* WHAT THE TASK ASKS
When you reach a picture, pass over it; otherwise repeat the listing word for word.

☆ ☆ ☆ ☆

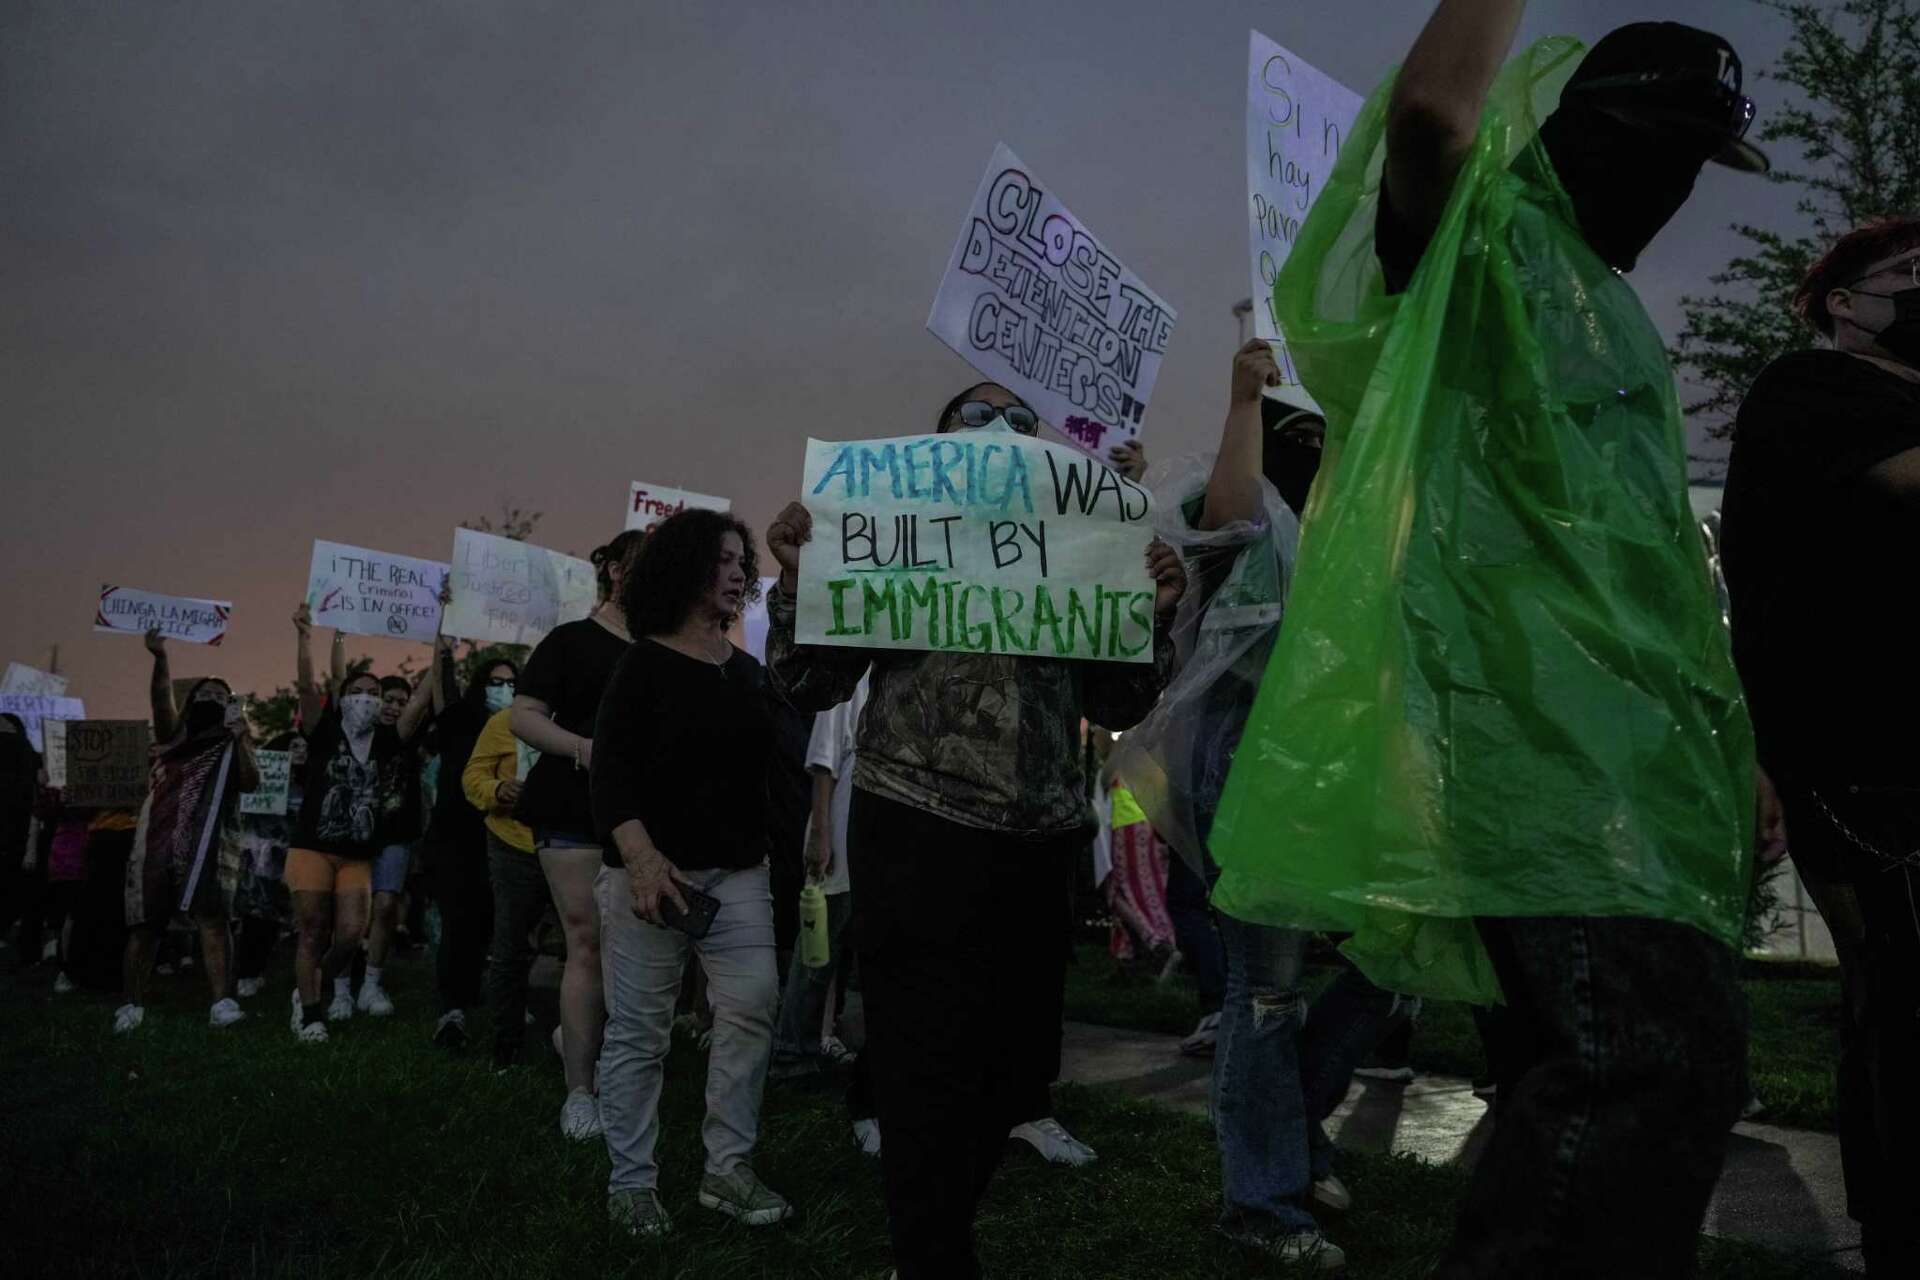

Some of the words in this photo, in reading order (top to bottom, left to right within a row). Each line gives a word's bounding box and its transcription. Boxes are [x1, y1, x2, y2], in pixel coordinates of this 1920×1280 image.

[1267, 130, 1310, 210] hay
[987, 168, 1121, 317] CLOSE
[1119, 283, 1178, 356] THE
[960, 217, 1142, 388] DETENTION
[812, 439, 1033, 514] AMERICA
[1045, 450, 1148, 522] WAS
[389, 564, 432, 588] REAL
[842, 512, 962, 569] BUILT
[990, 520, 1048, 577] BY
[360, 596, 384, 613] IN
[825, 576, 1153, 657] IMMIGRANTS

☆ ☆ ☆ ☆

* TASK OUTPUT
Some of the words in this photo, in reading order (top to bottom, left to right within a row). Each line gives a word's bounding box and its transcription. Boxes are [x1, y1, x2, y2], in pixel coordinates of this 1920×1280 image.

[1267, 130, 1310, 210] hay
[987, 168, 1121, 317] CLOSE
[1119, 283, 1178, 356] THE
[960, 217, 1142, 388] DETENTION
[812, 439, 1033, 514] AMERICA
[1045, 450, 1148, 522] WAS
[389, 564, 432, 588] REAL
[842, 512, 962, 569] BUILT
[990, 520, 1048, 577] BY
[360, 596, 384, 613] IN
[825, 576, 1153, 657] IMMIGRANTS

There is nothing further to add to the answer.